### YOUR TASK:
The expected answer is the data below, printed verbatim without its pictures.

### RECORD EXCERPTS:
Content starts
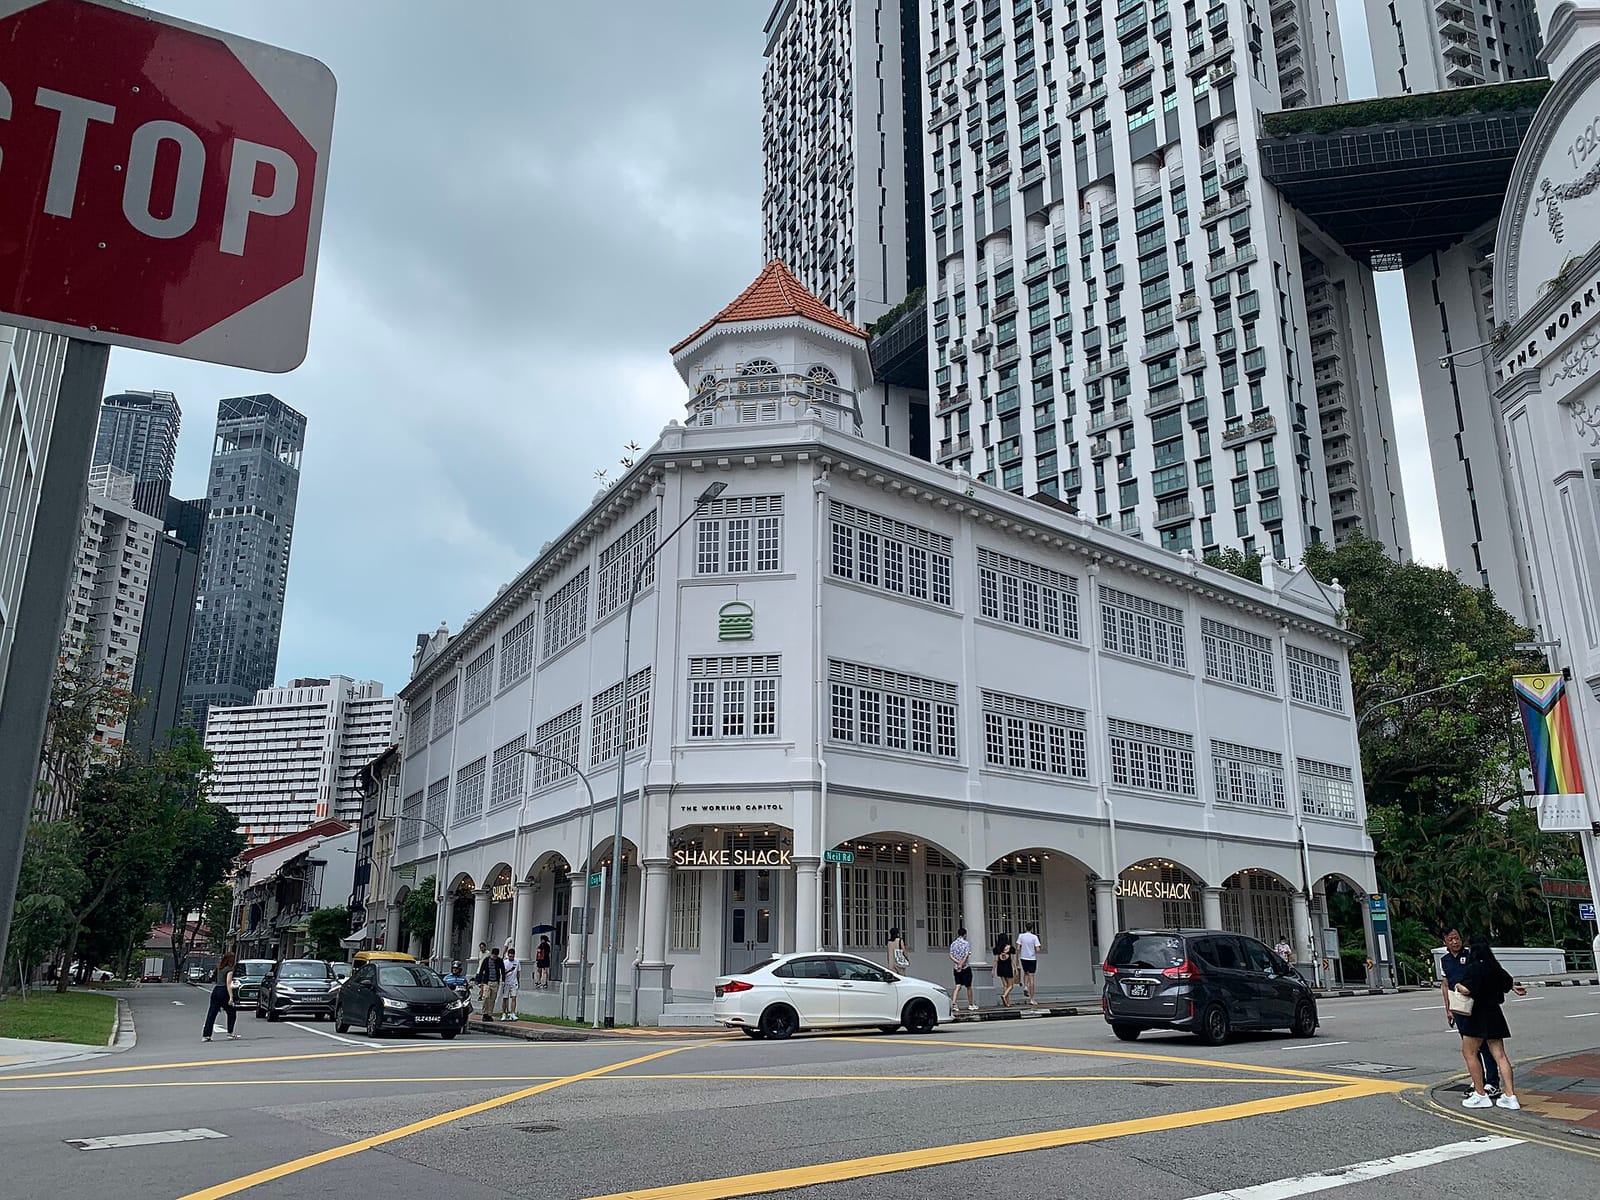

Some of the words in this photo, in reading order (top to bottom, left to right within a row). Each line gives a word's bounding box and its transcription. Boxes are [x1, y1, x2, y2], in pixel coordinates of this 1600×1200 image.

[0, 80, 299, 257] TOP
[1507, 340, 1538, 374] THE
[694, 361, 744, 376] THE
[694, 374, 826, 395] WORKING
[701, 804, 741, 812] WORKING
[745, 803, 784, 811] CAPITOL
[675, 849, 730, 866] SHAKE
[733, 849, 791, 866] SHACK
[826, 851, 841, 861] Neil
[842, 852, 851, 862] Rd
[1154, 881, 1191, 900] SHACK
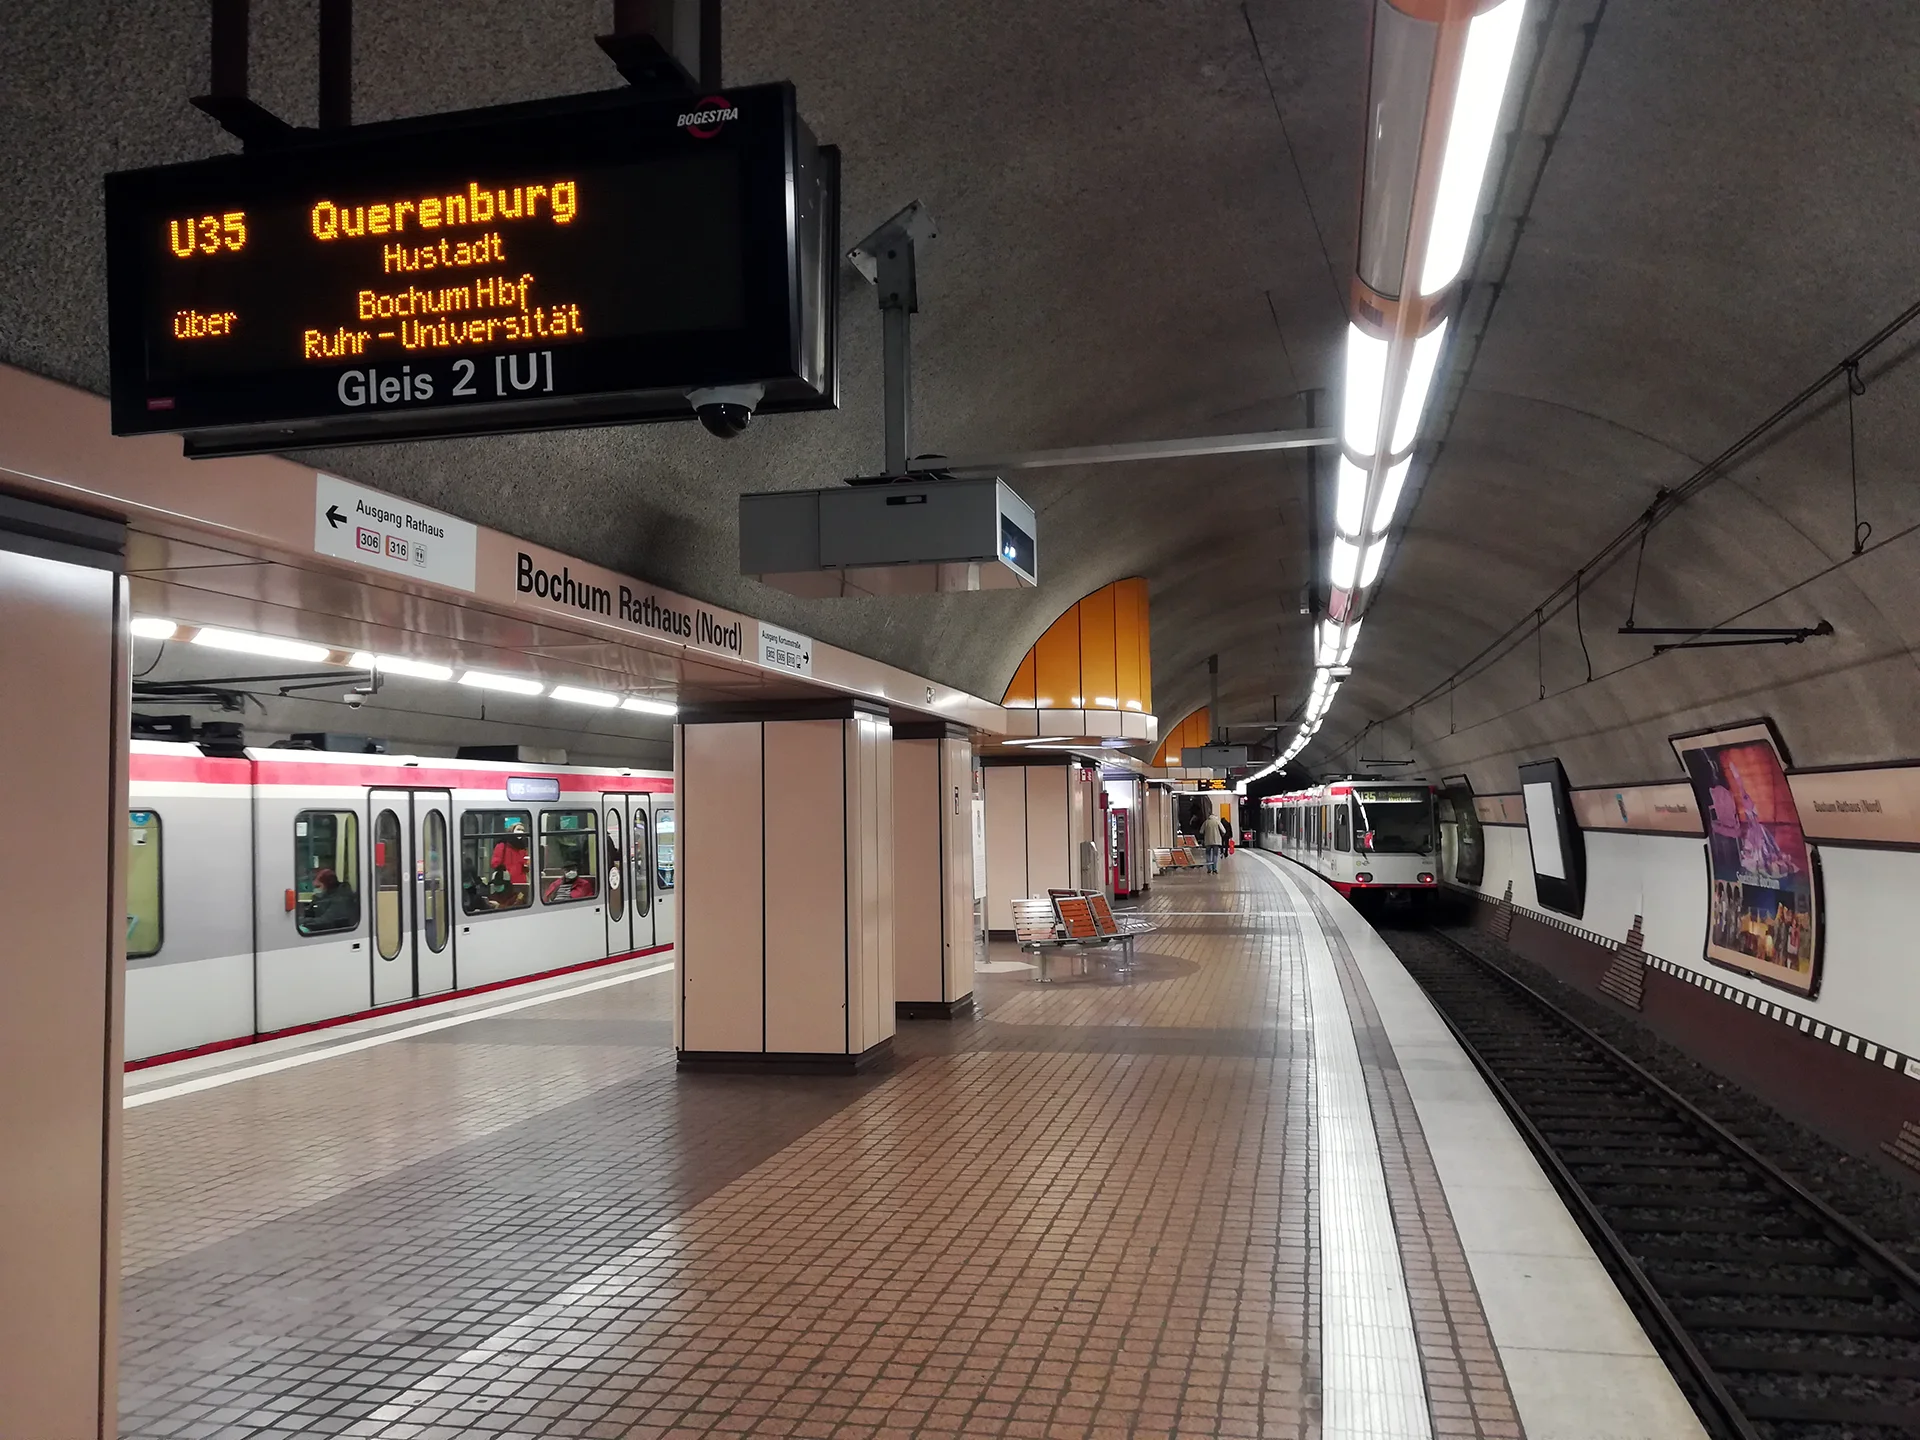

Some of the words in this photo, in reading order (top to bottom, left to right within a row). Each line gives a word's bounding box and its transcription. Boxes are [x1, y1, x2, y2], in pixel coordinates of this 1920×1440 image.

[676, 107, 738, 127] BOGESTRA
[312, 181, 576, 240] Querenburg
[170, 212, 246, 257] U35
[384, 232, 505, 273] Hustadt
[358, 286, 470, 320] Bochum
[476, 273, 534, 313] Hbf
[174, 310, 237, 338] über
[337, 365, 434, 406] Gleis
[452, 359, 477, 396] 2
[495, 351, 553, 396] [U]
[356, 499, 402, 529] Ausgang
[406, 514, 444, 539] Rathaus
[361, 533, 379, 549] 306
[390, 541, 407, 556] 316
[517, 551, 611, 616] Bochum
[619, 584, 692, 639] Rathaus
[695, 608, 743, 656] (Nord)
Content ends
### EXERCISE SOLUTION:
Some of the words in this photo, in reading order (top to bottom, left to right within a row). Each line gives a word's bounding box and its transcription. Boxes are [x1, y1, x2, y2], in pixel coordinates of this 1600×1200 image.

[0, 80, 299, 257] TOP
[1507, 340, 1538, 374] THE
[694, 361, 744, 376] THE
[694, 374, 826, 395] WORKING
[701, 804, 741, 812] WORKING
[745, 803, 784, 811] CAPITOL
[675, 849, 730, 866] SHAKE
[733, 849, 791, 866] SHACK
[826, 851, 841, 861] Neil
[842, 852, 851, 862] Rd
[1154, 881, 1191, 900] SHACK

Some of the words in this photo, in reading order (top to bottom, left to right within a row). Each line gives a word's bounding box and its transcription. Boxes are [x1, y1, x2, y2], in pixel coordinates of this 1920×1440 image.

[676, 107, 738, 127] BOGESTRA
[312, 181, 576, 240] Querenburg
[170, 212, 246, 257] U35
[384, 232, 505, 273] Hustadt
[358, 286, 470, 320] Bochum
[476, 273, 534, 313] Hbf
[174, 310, 237, 338] über
[337, 365, 434, 406] Gleis
[452, 359, 477, 396] 2
[495, 351, 553, 396] [U]
[356, 499, 402, 529] Ausgang
[406, 514, 444, 539] Rathaus
[361, 533, 379, 549] 306
[390, 541, 407, 556] 316
[517, 551, 611, 616] Bochum
[619, 584, 692, 639] Rathaus
[695, 608, 743, 656] (Nord)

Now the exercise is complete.